**WHAT NEEDS TO BE DONE:** The answer must be an exact copy of the entries that follow, with all images removed.

[Opening SUPPLIED MATERIAL section]

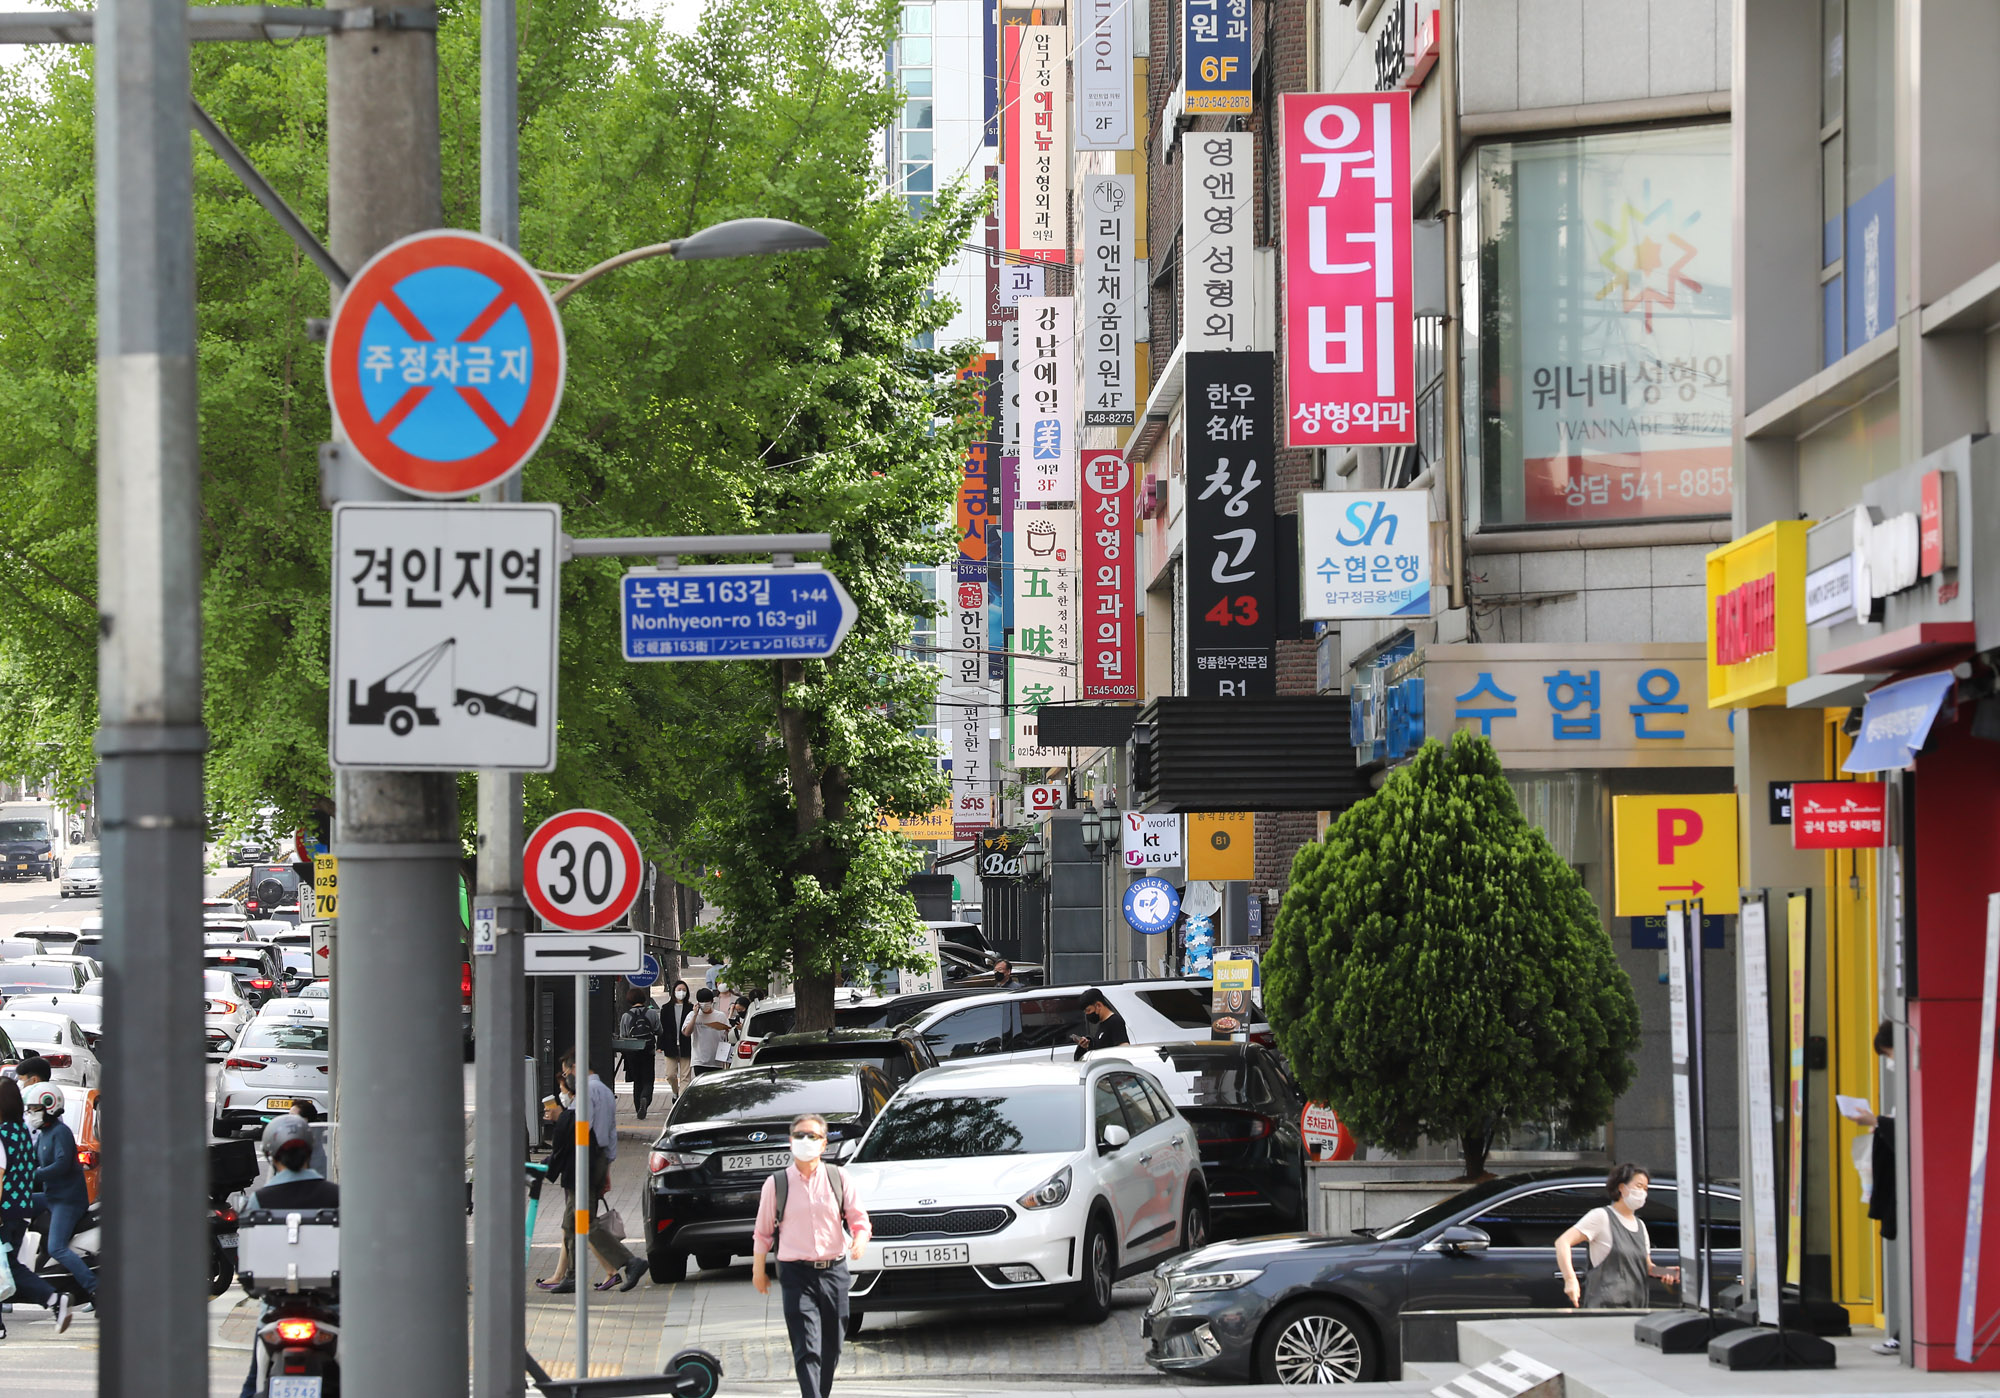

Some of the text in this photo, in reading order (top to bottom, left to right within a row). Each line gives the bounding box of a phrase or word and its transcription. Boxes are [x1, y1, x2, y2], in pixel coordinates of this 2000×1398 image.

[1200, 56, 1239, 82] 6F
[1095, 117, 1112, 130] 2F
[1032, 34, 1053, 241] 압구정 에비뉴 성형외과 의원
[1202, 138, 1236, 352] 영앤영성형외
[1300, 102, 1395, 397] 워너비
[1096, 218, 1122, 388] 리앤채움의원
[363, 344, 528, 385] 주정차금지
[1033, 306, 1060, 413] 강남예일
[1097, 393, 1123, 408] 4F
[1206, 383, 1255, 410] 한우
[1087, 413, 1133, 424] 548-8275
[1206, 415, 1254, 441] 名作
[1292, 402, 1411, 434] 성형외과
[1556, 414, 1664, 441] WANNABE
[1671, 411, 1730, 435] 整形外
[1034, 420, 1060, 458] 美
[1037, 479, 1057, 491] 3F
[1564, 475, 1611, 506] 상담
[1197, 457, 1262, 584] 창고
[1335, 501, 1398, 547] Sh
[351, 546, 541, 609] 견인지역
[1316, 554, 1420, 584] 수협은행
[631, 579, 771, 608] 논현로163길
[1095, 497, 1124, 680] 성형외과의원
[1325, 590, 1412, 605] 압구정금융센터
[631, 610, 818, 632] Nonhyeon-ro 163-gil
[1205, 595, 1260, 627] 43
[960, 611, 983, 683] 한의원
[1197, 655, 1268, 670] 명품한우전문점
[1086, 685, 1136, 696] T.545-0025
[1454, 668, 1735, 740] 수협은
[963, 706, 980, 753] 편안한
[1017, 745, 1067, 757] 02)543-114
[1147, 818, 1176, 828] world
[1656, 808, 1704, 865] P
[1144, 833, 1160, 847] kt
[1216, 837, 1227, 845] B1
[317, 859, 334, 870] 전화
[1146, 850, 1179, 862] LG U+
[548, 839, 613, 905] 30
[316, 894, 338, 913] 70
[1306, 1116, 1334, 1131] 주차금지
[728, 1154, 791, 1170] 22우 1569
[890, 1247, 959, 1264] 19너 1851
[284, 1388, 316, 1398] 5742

[Closing SUPPLIED MATERIAL section]

**RESPONSE BELOW:**
Some of the text in this photo, in reading order (top to bottom, left to right within a row). Each line gives the bounding box of a phrase or word and its transcription. Boxes are [x1, y1, x2, y2], in pixel coordinates of this 2000×1398 image.

[1200, 56, 1239, 82] 6F
[1095, 117, 1112, 130] 2F
[1032, 34, 1053, 241] 압구정 에비뉴 성형외과 의원
[1202, 138, 1236, 352] 영앤영성형외
[1300, 102, 1395, 397] 워너비
[1096, 218, 1122, 388] 리앤채움의원
[363, 344, 528, 385] 주정차금지
[1033, 306, 1060, 413] 강남예일
[1097, 393, 1123, 408] 4F
[1206, 383, 1255, 410] 한우
[1087, 413, 1133, 424] 548-8275
[1206, 415, 1254, 441] 名作
[1292, 402, 1411, 434] 성형외과
[1556, 414, 1664, 441] WANNABE
[1671, 411, 1730, 435] 整形外
[1034, 420, 1060, 458] 美
[1037, 479, 1057, 491] 3F
[1564, 475, 1611, 506] 상담
[1197, 457, 1262, 584] 창고
[1335, 501, 1398, 547] Sh
[351, 546, 541, 609] 견인지역
[1316, 554, 1420, 584] 수협은행
[631, 579, 771, 608] 논현로163길
[1095, 497, 1124, 680] 성형외과의원
[1325, 590, 1412, 605] 압구정금융센터
[631, 610, 818, 632] Nonhyeon-ro 163-gil
[1205, 595, 1260, 627] 43
[960, 611, 983, 683] 한의원
[1197, 655, 1268, 670] 명품한우전문점
[1086, 685, 1136, 696] T.545-0025
[1454, 668, 1735, 740] 수협은
[963, 706, 980, 753] 편안한
[1017, 745, 1067, 757] 02)543-114
[1147, 818, 1176, 828] world
[1656, 808, 1704, 865] P
[1144, 833, 1160, 847] kt
[1216, 837, 1227, 845] B1
[317, 859, 334, 870] 전화
[1146, 850, 1179, 862] LG U+
[548, 839, 613, 905] 30
[316, 894, 338, 913] 70
[1306, 1116, 1334, 1131] 주차금지
[728, 1154, 791, 1170] 22우 1569
[890, 1247, 959, 1264] 19너 1851
[284, 1388, 316, 1398] 5742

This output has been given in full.